Thirty-three percent of those surveyed reported having 50 or more full-time employees dedicated to payroll; 23% said their payroll team had between 15 and 24 employees. 

“Employee pay is one of the most powerful levers multi-national organizations have to strengthen their financial health, elevate the employee experience, and operate with confidence on a global scale,” Richard Limpkin, general manager of global payroll solutions at UKG, said in a statement. “Payroll teams sit on a wealth of actionable insight that leaders can use to guide smarter, faster decision making.” 

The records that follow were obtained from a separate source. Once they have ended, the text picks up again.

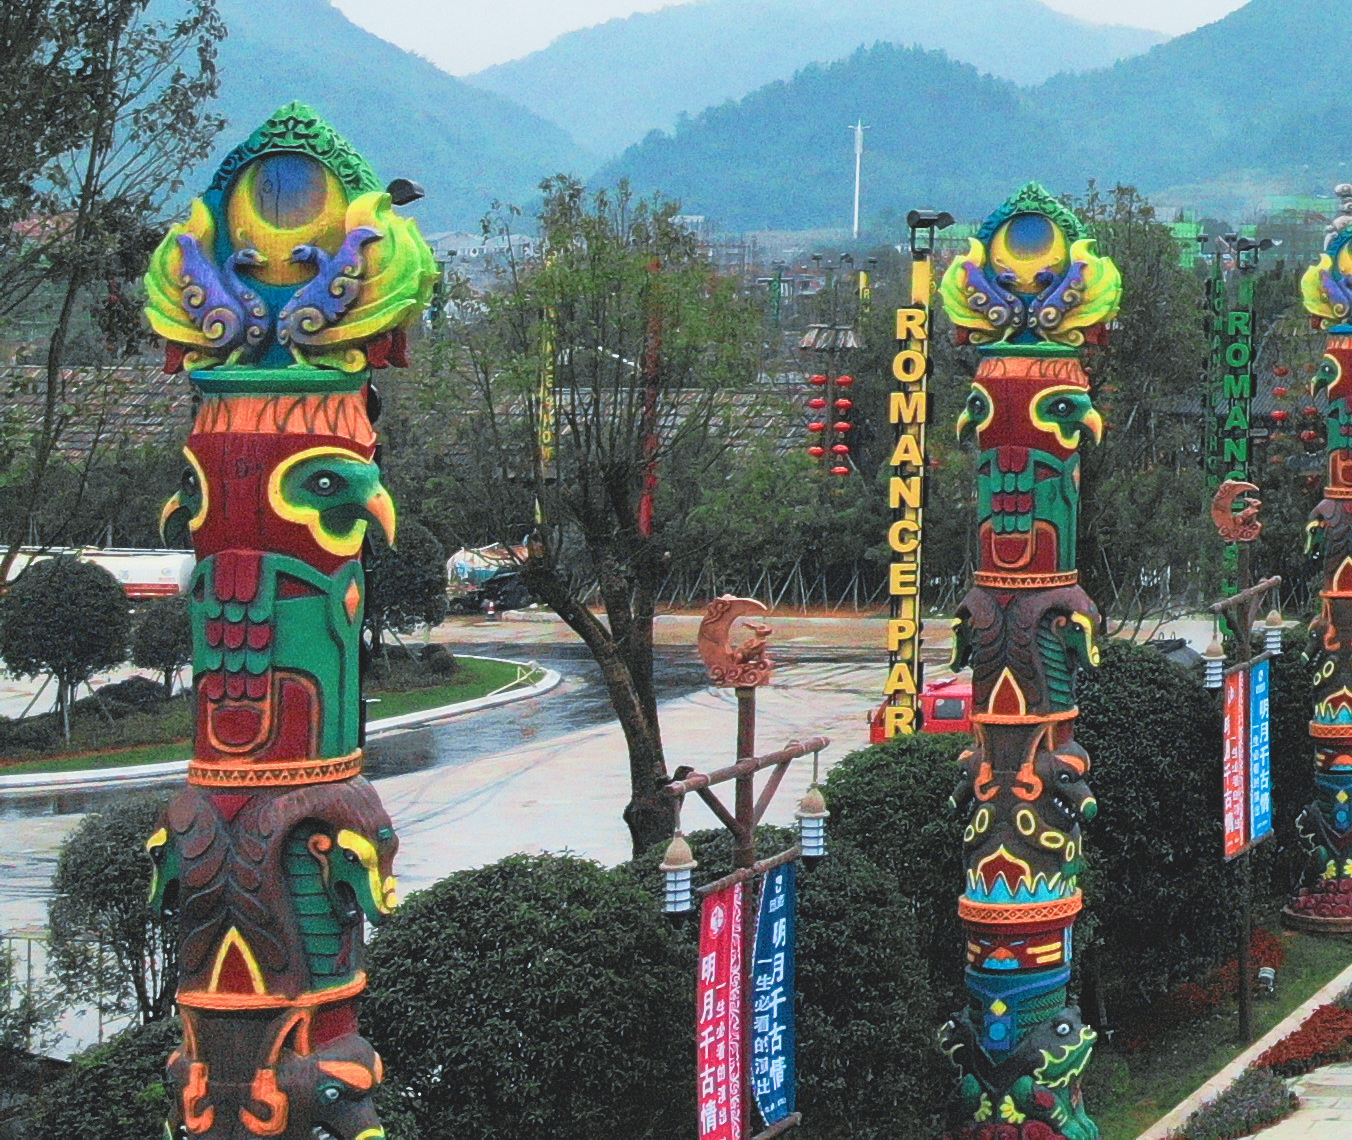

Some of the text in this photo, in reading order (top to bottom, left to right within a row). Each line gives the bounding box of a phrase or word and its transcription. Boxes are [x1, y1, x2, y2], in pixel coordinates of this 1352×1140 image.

[883, 307, 928, 739] ROMANCE PAR
[1258, 697, 1270, 814] 明月千古情
[699, 950, 718, 1136] 明月千古情
[769, 916, 788, 1092] 明月千古情
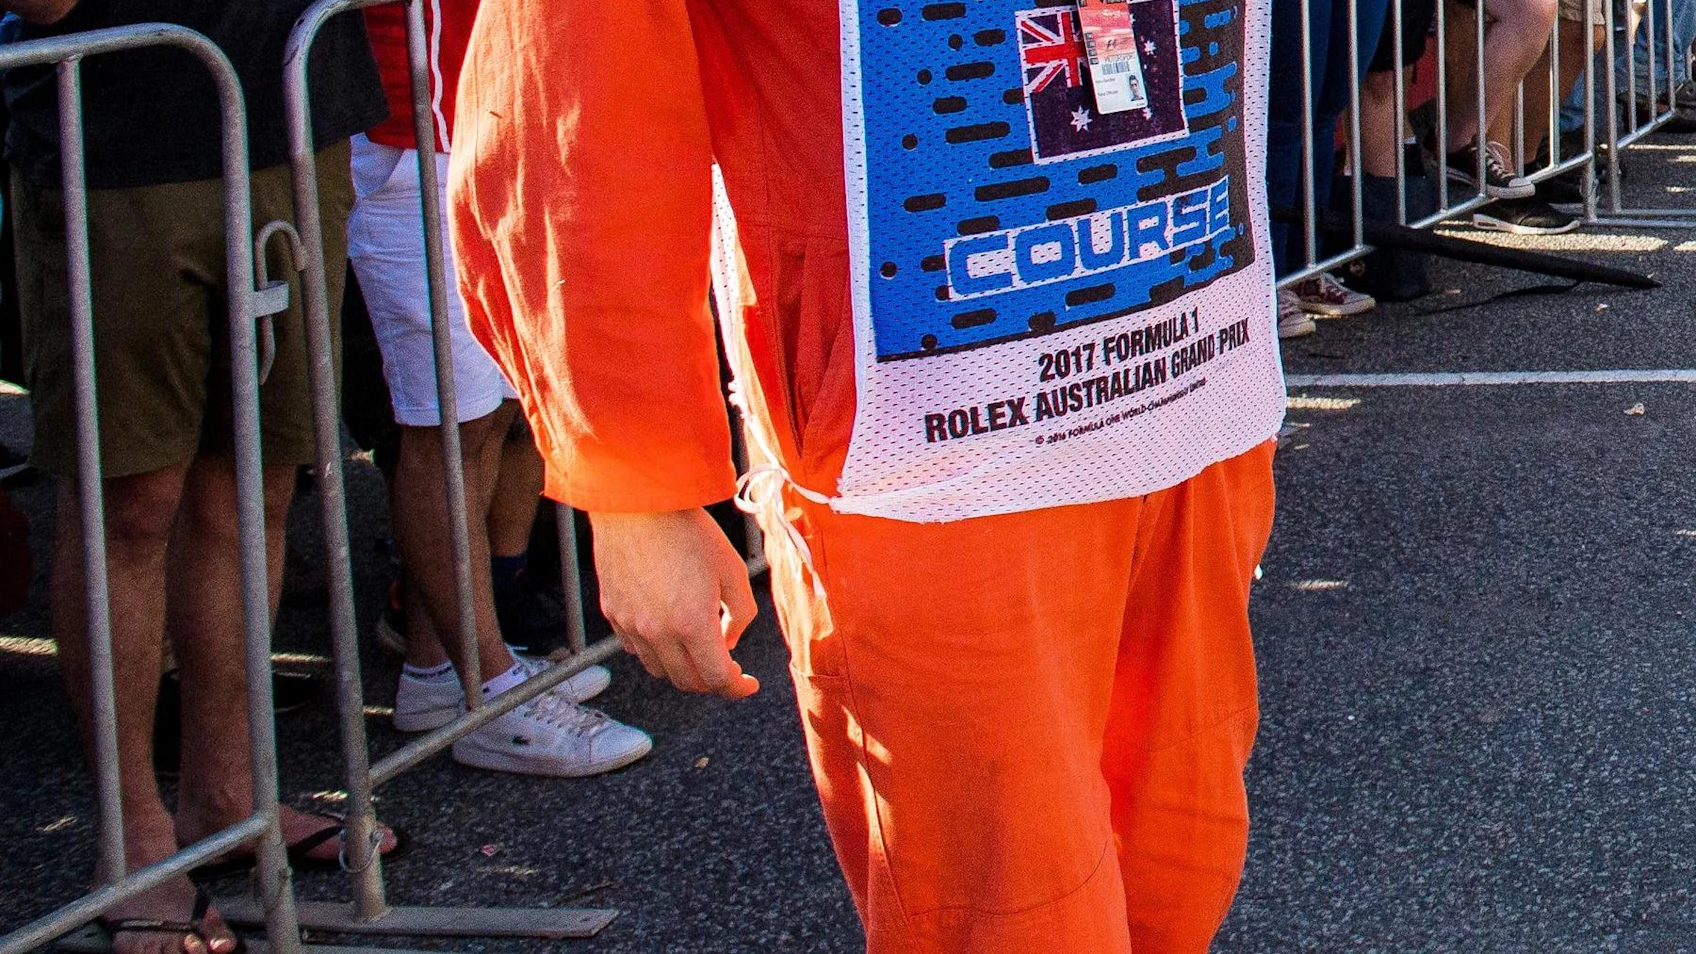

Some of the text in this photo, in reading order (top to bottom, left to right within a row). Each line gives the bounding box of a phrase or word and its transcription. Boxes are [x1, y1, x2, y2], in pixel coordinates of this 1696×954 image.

[946, 177, 1230, 300] COURSE
[925, 317, 1251, 444] ROLEX AUSTRALIAN GRAND PRIX
[1039, 306, 1200, 383] 2017 FORMULA 1
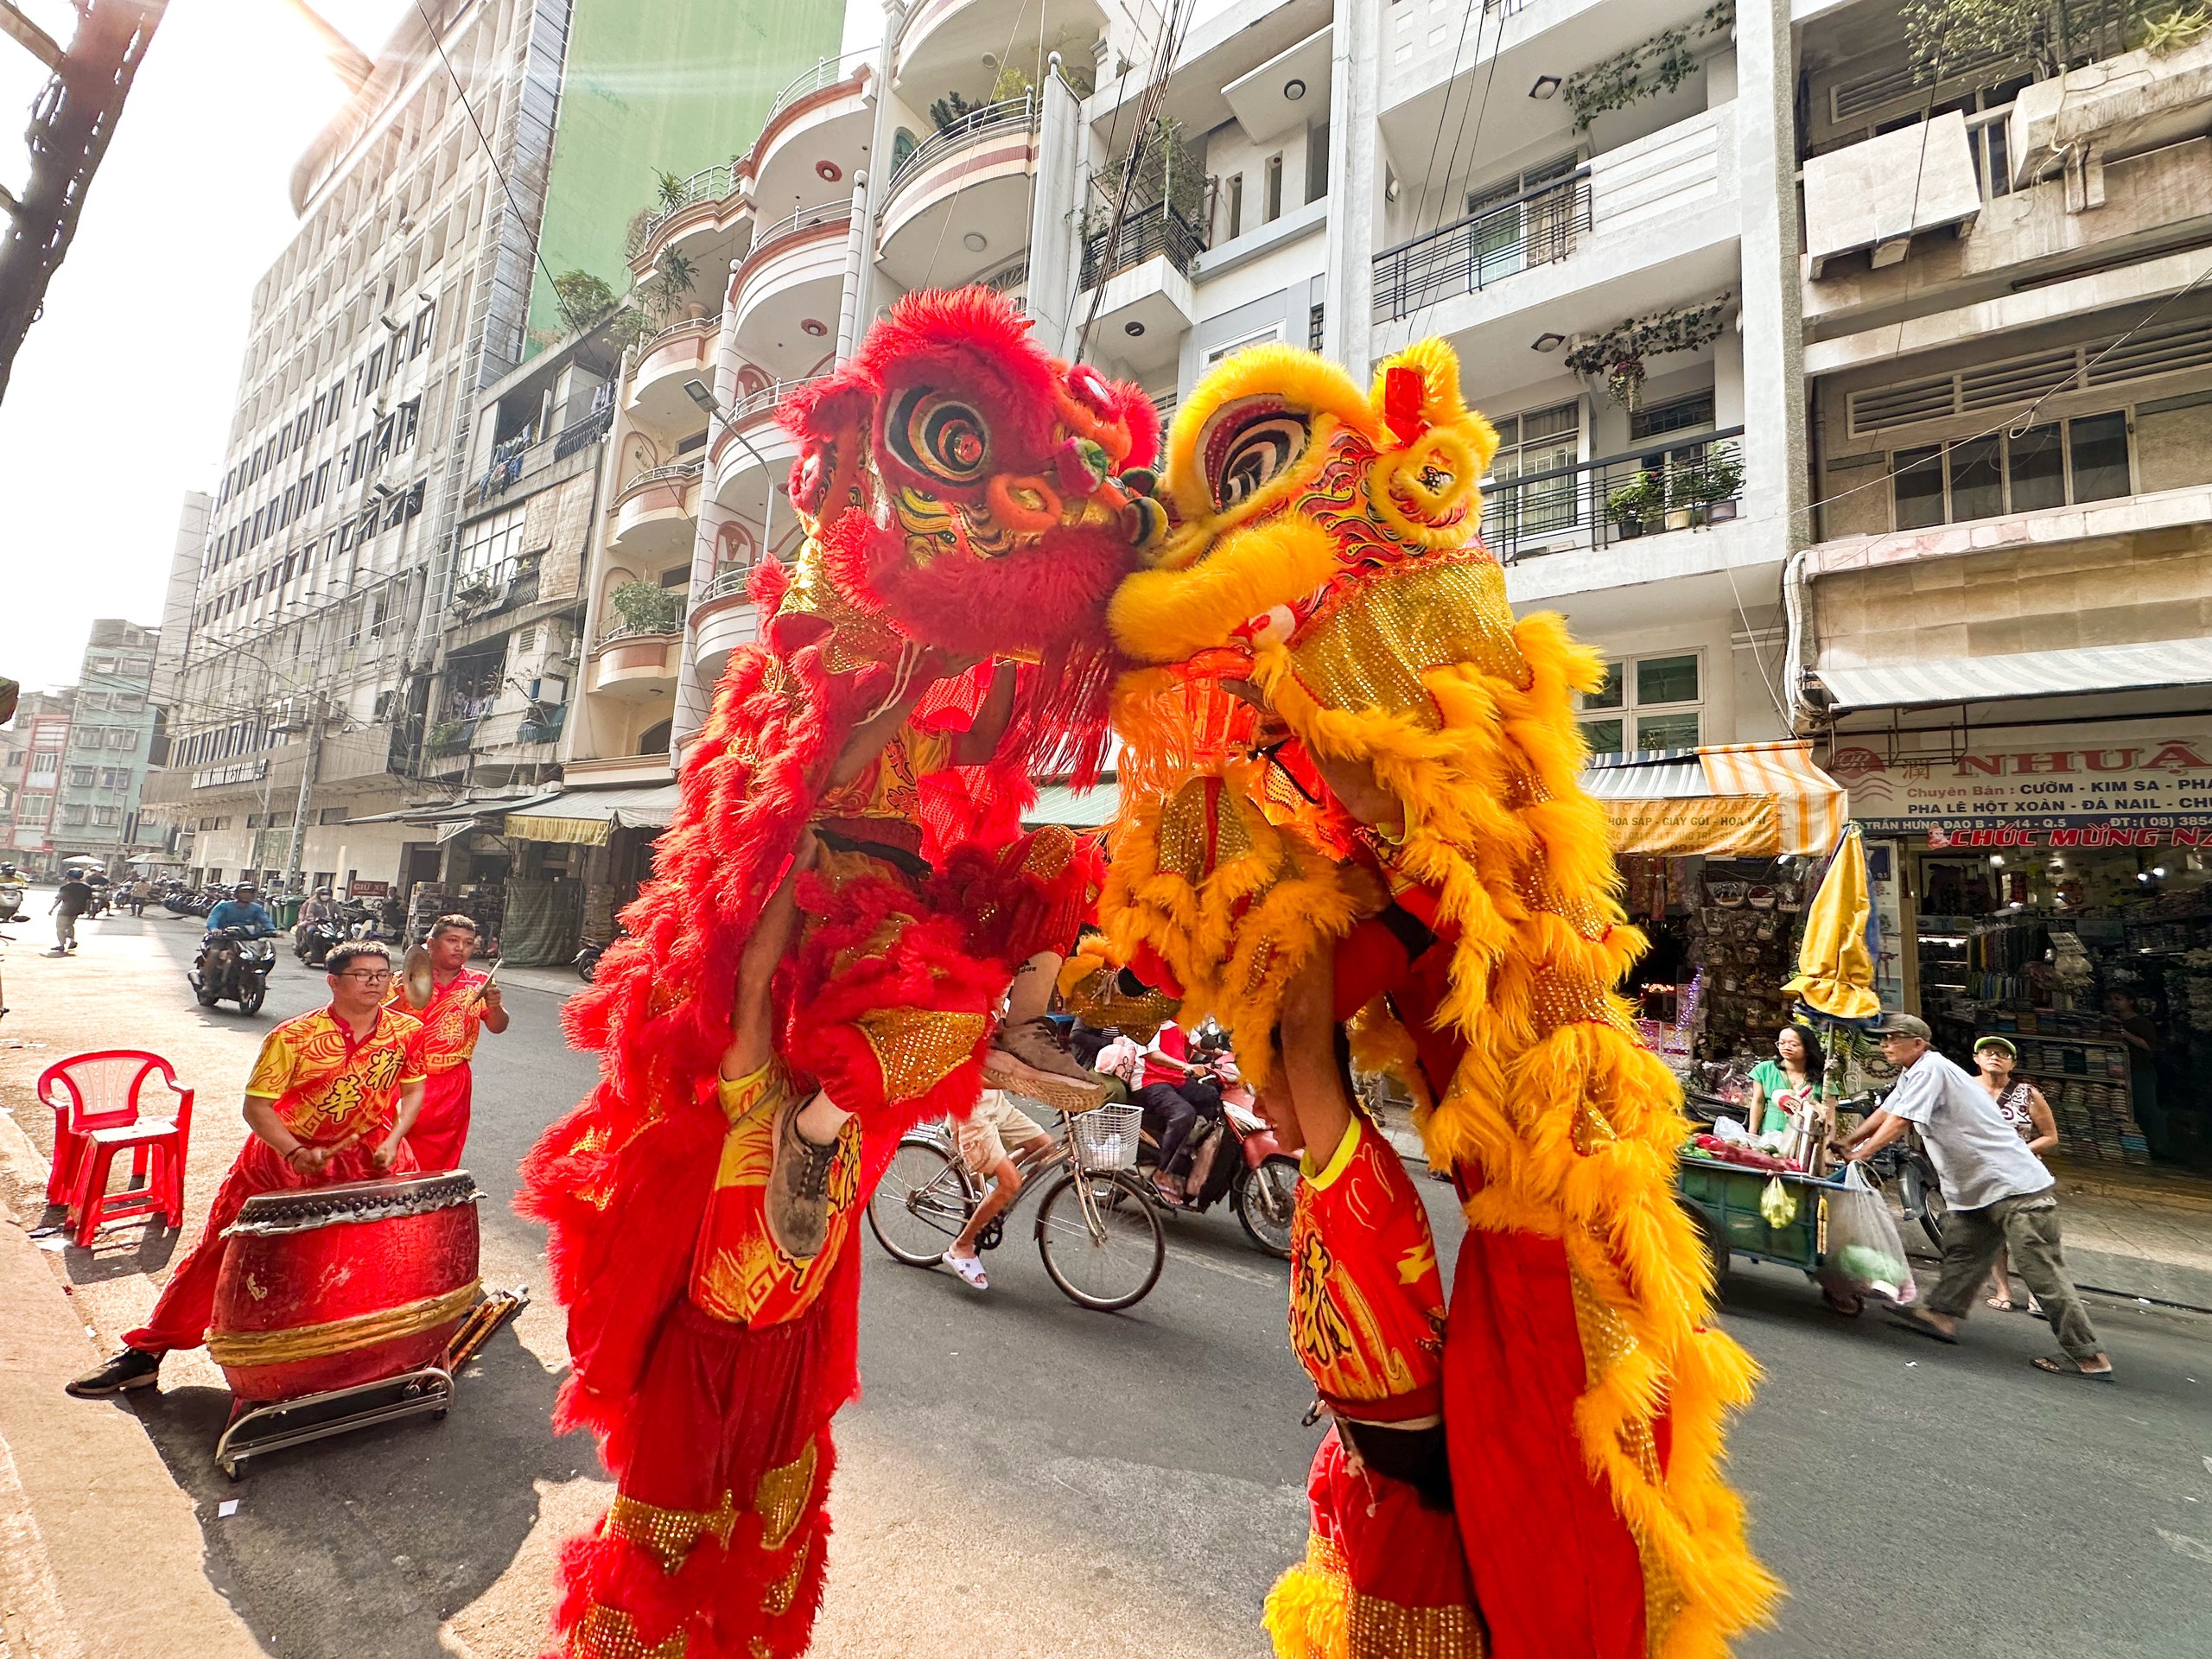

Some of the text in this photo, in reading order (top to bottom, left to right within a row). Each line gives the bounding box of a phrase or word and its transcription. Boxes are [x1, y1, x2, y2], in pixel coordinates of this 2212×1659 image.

[1907, 787, 1967, 798] Chuyên
[1973, 785, 2005, 796] Bán
[2091, 781, 2127, 792] KIM
[2133, 780, 2159, 791] SA
[1908, 804, 1941, 814] PHA
[1947, 801, 1967, 813] LÊ
[1973, 800, 2008, 815] HỘT
[2014, 798, 2065, 812] XOÀN
[2082, 797, 2108, 810] ĐÁ
[2114, 798, 2161, 810] NAIL
[2179, 798, 2212, 809] CH
[1720, 817, 1744, 825] HOA
[1975, 820, 1984, 829] B
[2014, 819, 2030, 828] 14
[2043, 818, 2067, 828] Q.5
[1950, 823, 2039, 847] CHÚC
[2049, 823, 2159, 847] MỪNG
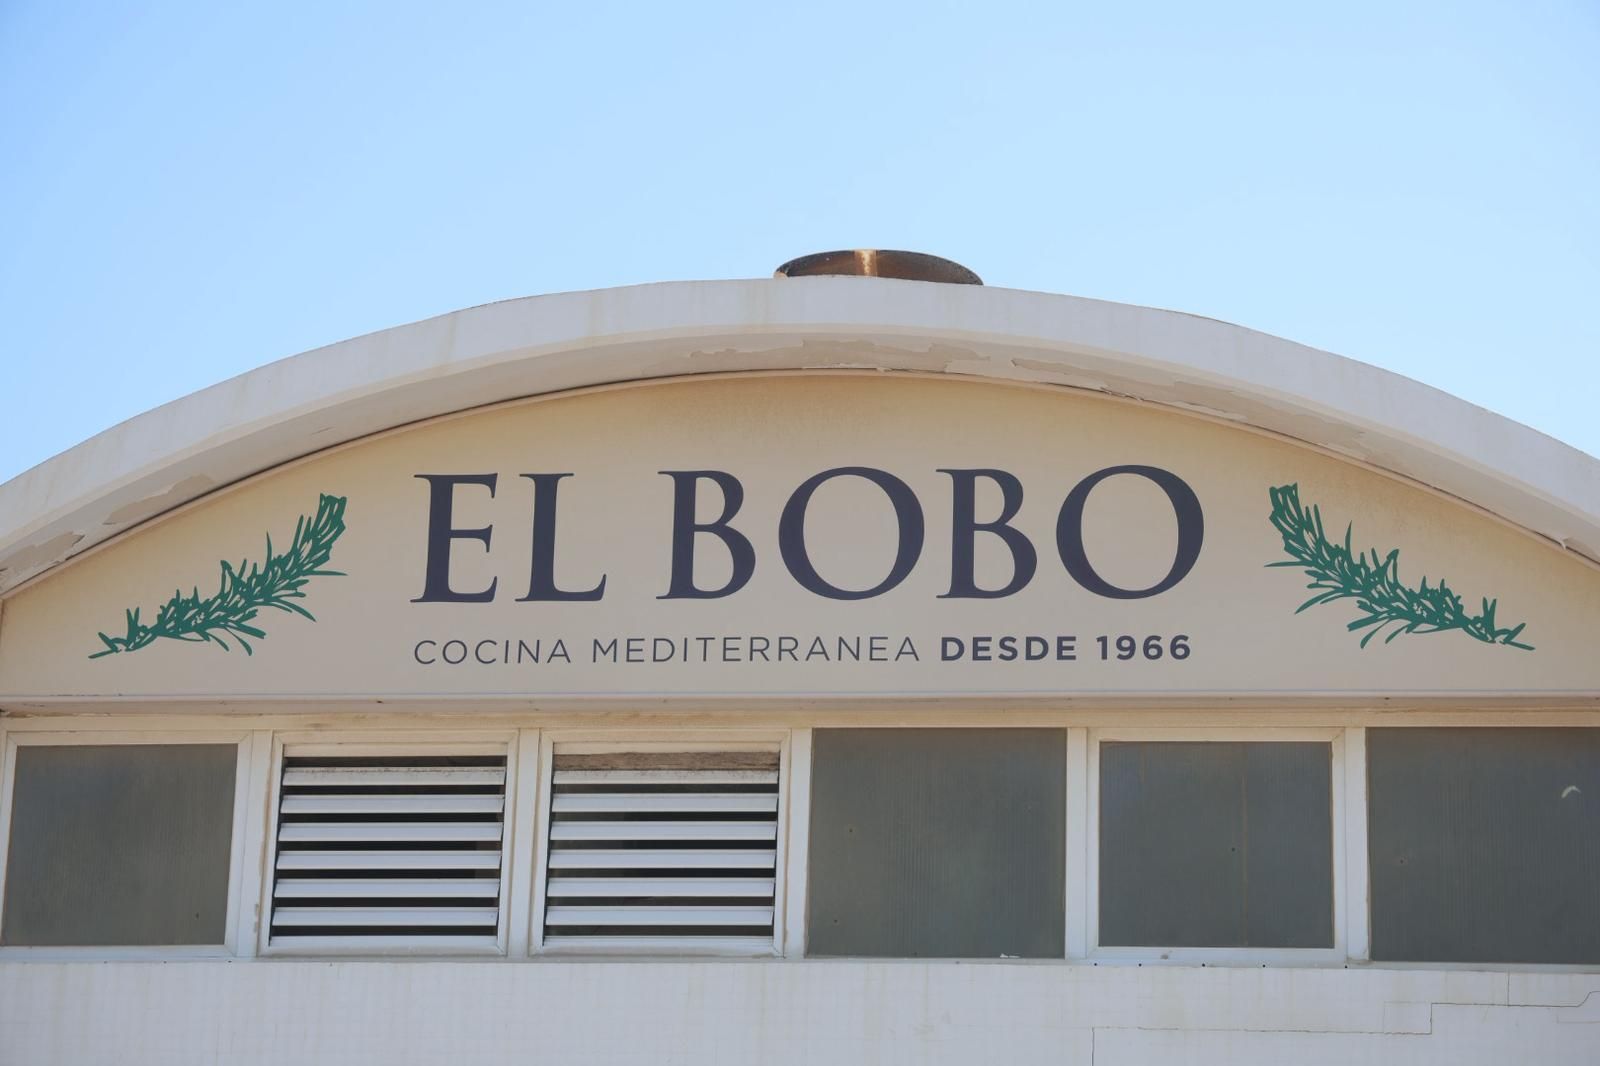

He added that global payroll was “a rich source of workforce intelligence for organizations.” Companies are tracking available employee pay data but not always using effective metrics, the report found. For example, 89% of respondents said they used automated payroll comparison tools to compare payroll cycles and 69% tracked payroll accuracy. Despite this, only 35% said they measured first-time-right payroll, and less than 50% tracked cost per payslip or processing cost. 

The report said these two metrics were the most indicative of leakage and ROI, and that without the “right data visibility, organizations cannot make the business decisions necessary to propel forward.”

The report found that less than half of C-suite and senior executive leaders (47%) said they used artificial intelligence to handle payroll, citing concerns about data accuracy, integration gaps and lack of standardization. Nonetheless, 69% of leaders said AI will improve accuracy and compliance, while 68% said it would enhance insights. 

Workers in other surveys have expressed hesitance about employers using AI for payroll; 45% of workers surveyed by PayrollOrg said they would be against the use of AI for addressing payroll inquiries.